From 7ce79d58e2fdee3d280473a6cbad92168f14f60c Mon Sep 17 00:00:00 2001
From: Liunardy <54991798+Liunardy@users.noreply.github.com>
Date: Thu, 21 May 2026 06:25:26 +0000
Subject: [PATCH] doc: add local service backend pool updater retry design

---
 ...ning-local-service-backend-pool-updater.md | 261 ++++++++++++++++++
 1 file changed, 261 insertions(+)
 create mode 100644 content/en/development/design-docs/refining-local-service-backend-pool-updater.md

diff --git a/content/en/development/design-docs/refining-local-service-backend-pool-updater.md b/content/en/development/design-docs/refining-local-service-backend-pool-updater.md
new file mode 100644
index 0000000000..8e1e83b4a3
--- /dev/null
+++ b/content/en/development/design-docs/refining-local-service-backend-pool-updater.md
@@ -0,0 +1,261 @@
+---
+title: "Refining Local Service Backend Pool Updater"

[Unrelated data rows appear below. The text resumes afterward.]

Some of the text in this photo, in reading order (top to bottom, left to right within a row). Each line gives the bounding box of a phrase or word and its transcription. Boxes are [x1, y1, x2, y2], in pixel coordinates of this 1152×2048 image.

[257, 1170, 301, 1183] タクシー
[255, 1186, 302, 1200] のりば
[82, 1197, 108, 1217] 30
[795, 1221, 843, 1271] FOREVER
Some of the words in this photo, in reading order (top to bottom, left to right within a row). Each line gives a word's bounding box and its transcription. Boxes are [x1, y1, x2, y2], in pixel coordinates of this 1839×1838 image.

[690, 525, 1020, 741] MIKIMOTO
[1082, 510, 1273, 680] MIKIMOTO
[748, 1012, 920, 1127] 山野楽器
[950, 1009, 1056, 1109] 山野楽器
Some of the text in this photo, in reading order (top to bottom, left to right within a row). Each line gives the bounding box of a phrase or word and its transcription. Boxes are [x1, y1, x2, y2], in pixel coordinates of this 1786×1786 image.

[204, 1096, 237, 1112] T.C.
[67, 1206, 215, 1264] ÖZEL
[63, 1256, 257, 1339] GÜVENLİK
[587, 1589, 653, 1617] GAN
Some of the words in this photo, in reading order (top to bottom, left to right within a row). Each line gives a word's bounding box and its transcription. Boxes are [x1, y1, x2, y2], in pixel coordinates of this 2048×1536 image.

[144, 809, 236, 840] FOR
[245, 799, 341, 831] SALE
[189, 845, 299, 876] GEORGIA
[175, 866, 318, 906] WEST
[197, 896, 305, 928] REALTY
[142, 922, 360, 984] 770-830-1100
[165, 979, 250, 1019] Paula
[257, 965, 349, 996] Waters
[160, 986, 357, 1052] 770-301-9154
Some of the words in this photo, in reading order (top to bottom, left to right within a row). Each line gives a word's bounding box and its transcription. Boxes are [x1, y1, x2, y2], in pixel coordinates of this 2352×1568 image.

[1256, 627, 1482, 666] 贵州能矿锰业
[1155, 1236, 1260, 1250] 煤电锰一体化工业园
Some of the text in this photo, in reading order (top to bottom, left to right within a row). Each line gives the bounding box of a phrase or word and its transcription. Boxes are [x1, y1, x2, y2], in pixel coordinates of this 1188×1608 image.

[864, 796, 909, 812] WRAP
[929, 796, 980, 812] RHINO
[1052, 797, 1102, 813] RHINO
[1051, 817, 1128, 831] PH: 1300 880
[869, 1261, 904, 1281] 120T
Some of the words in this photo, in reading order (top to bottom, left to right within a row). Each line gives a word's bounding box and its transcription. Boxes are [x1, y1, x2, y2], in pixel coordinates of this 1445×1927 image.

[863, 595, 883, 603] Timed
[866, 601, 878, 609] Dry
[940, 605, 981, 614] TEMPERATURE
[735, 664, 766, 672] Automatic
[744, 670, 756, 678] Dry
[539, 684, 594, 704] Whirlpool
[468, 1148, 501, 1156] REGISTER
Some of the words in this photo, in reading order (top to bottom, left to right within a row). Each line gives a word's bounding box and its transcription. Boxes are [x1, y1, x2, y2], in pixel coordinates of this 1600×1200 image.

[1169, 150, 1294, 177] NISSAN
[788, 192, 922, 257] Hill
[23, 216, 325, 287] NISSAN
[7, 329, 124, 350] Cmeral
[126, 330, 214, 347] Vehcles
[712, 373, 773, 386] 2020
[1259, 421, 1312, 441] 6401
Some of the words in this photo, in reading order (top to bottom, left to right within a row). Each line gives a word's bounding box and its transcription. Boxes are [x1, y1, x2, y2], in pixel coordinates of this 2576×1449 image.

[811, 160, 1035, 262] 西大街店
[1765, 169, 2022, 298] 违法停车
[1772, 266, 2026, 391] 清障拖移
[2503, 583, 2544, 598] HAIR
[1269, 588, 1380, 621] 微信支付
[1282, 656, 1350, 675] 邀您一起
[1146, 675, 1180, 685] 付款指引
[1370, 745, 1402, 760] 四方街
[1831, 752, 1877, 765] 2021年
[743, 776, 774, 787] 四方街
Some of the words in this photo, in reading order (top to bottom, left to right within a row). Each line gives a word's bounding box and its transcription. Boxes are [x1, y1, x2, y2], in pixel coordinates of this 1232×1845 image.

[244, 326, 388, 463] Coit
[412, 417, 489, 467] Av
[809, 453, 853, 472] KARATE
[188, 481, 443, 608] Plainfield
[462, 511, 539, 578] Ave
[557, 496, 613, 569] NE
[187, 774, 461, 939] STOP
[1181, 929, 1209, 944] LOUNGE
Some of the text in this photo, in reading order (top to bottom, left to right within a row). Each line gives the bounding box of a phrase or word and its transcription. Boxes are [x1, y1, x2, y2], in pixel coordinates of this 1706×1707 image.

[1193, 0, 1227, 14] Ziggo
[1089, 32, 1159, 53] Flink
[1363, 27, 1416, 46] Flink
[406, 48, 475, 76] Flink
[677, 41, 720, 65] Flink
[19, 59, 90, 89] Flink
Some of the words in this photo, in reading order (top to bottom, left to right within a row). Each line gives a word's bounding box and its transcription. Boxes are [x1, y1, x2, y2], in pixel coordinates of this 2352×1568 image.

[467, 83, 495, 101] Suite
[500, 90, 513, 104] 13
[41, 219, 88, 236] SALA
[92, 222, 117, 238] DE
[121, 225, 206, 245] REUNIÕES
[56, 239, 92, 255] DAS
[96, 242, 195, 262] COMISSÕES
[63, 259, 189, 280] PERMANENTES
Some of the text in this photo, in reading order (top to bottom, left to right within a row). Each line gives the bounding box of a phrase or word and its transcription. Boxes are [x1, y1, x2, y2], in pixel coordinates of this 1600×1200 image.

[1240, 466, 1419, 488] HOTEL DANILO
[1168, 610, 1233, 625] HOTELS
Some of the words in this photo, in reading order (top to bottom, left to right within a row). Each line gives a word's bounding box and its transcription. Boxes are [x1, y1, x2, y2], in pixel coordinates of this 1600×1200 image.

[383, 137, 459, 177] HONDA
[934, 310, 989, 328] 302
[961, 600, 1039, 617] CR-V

+linkTitle: "Refining Local Service Backend Pool Updater"
+type: docs
+description: >
+    Retry and error handling design for the local service backend pool updater.
+---
+
+# Refining Local Service Backend Pool Updater
+
+## Purpose
+
+The local service backend pool updater batches EndpointSlice-driven IP changes for local Services and applies them asynchronously to Azure Load Balancer backend pools. Today, when an updater batch observes an error from `Get` or `CreateOrUpdate`, it drops the batch after emitting a failure event, except for backend pool `404`, which is dropped without emitting a failure event (though a failure metric is currently recorded).
+
+This design adds bounded retry for errors that are worth retrying at the updater layer. It does not duplicate Azure SDK retries for the status codes already handled by the SDK retry policy. The retry behavior is local to the updater, reuses the existing updater tick loop, and avoids unbounded requeue.
+
+## Scope
+
+In scope:
+
+- Retry failed local-service backend-pool update operations when the error is classified as retriable.
+- Add retry state to queued backend-pool update operations.
+- Add a new max-retries configuration field for this updater.
+- Emit retry and failure events with bounded event volume.
+- Preserve current stale `404` event behavior. Stop recording `404` as a failure metric.
+- Add unit tests for retry, exhaustion, non-retry, and stale cases.
+
+Out of scope:
+
+- Redesigning multiple standard load balancer selection.
+- Changing main Service reconciliation retries.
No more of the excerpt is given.